In 2002, Paul Graham proposed using "Bayesian inference" to filter junk mail. The effect, he said, was incredibly good. 1000 spam messages can filter out 995, without a single miscalculation.

In addition, this kind of filter also has the Self-learning function, will adjust according to the newly received mail, unceasingly. The more spam you receive, the higher the rate of accuracy.

Viii. establishment of a historical database

The Bayesian filter is a statistical filter based on existing statistical results. So we have to provide two groups of messages that have been identified in advance, one for normal and the other for spam.

We use these two groups of emails to "train" the filters. The larger the size of the two groups of messages, the better the training effect. The size of the message Paul Graham uses is 4000 of the normal mail and spam messages.

The "training" process is simple. First, parse all the emails and extract every word. Then, calculate how often each word appears in a normal message and in a spam message.
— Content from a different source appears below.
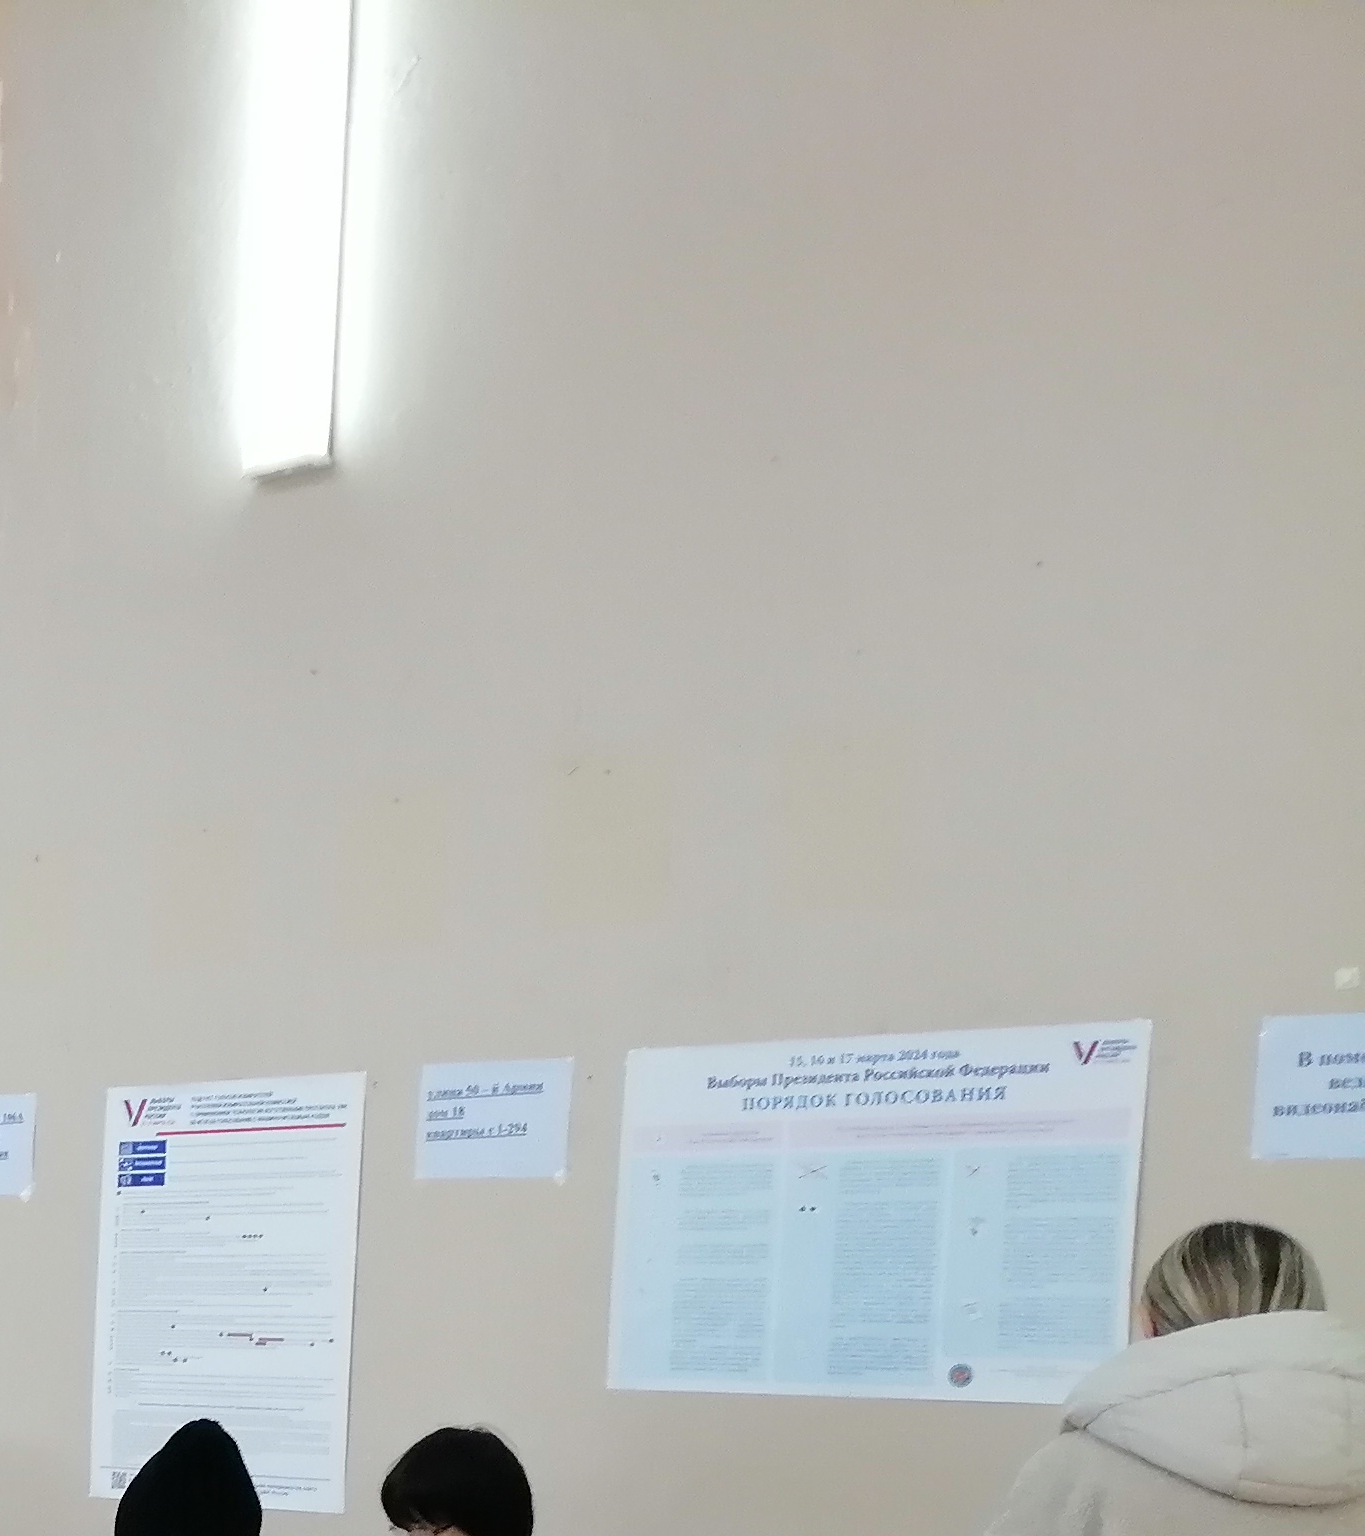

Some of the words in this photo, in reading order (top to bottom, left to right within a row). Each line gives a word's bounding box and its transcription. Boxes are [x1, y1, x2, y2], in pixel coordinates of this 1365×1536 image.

For example, we assume that the word "sex", in 4000 spam messages, contains 200 of the word, and that it occurs at 5%, whereas in 4000 normal messages only 2 contain the word, the frequency is 0.05%. (Note If a word appears only in spam, Paul Graham assumes that it appears at 1% frequency in normal mail and vice versa.) This is done to avoid a probability of 0. As the number of messages increases, the results are automatically adjusted. )

With this preliminary statistical result, the filter can be put into use.

Related Article

Contact Us

The content source of this page is from Internet, which doesn't represent Alibaba Cloud's opinion; products and services mentioned on that page don't have any relationship with Alibaba Cloud. If the content of the page makes you feel confusing, please write us an email, we will handle the problem within 5 days after receiving your email.

If you find any instances of plagiarism from the community, please send an email to: info-contact@alibabacloud.com and provide relevant evidence. A staff member will contact you within 5 working days.

A Free Trial That Lets You Build Big!

Start building with 50+ products and up to 12 months usage for Elastic Compute Service

  • Sales Support

    1 on 1 presale consultation

  • After-Sales Support

    24/7 Technical Support 6 Free Tickets per Quarter Faster Response

  • Alibaba Cloud offers highly flexible support services tailored to meet your exact needs.